▶ **Data for review**
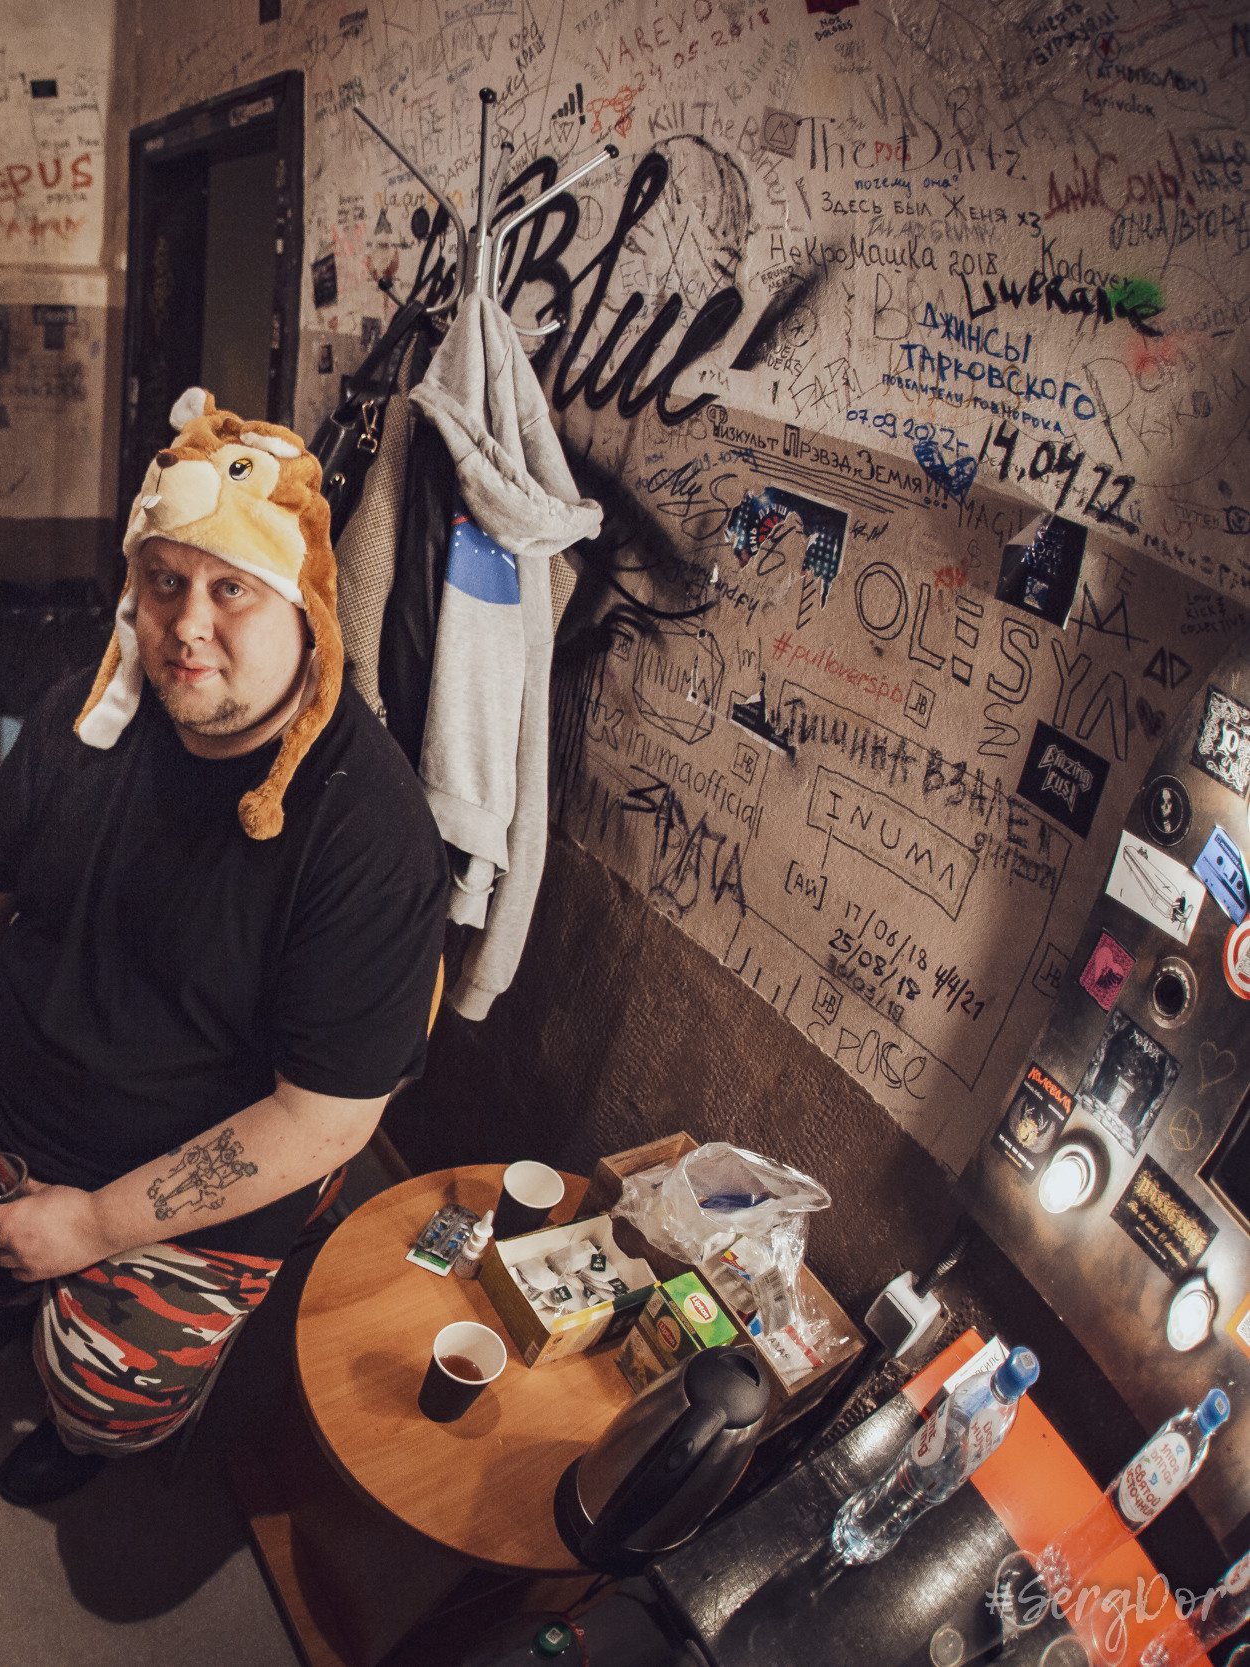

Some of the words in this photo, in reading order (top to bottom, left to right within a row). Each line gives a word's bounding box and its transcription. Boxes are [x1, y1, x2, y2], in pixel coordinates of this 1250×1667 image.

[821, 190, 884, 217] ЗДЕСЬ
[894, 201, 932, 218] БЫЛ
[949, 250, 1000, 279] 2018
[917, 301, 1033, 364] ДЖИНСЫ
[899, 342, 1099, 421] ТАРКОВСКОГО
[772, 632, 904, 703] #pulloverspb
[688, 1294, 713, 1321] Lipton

▶ **Prompt**
All the material shown above is to be copied exactly, with no pictures carried over.

▶ **Written solution**
Some of the words in this photo, in reading order (top to bottom, left to right within a row). Each line gives a word's bounding box and its transcription. Boxes are [x1, y1, x2, y2], in pixel coordinates of this 1250×1667 image.

[821, 190, 884, 217] ЗДЕСЬ
[894, 201, 932, 218] БЫЛ
[949, 250, 1000, 279] 2018
[917, 301, 1033, 364] ДЖИНСЫ
[899, 342, 1099, 421] ТАРКОВСКОГО
[772, 632, 904, 703] #pulloverspb
[688, 1294, 713, 1321] Lipton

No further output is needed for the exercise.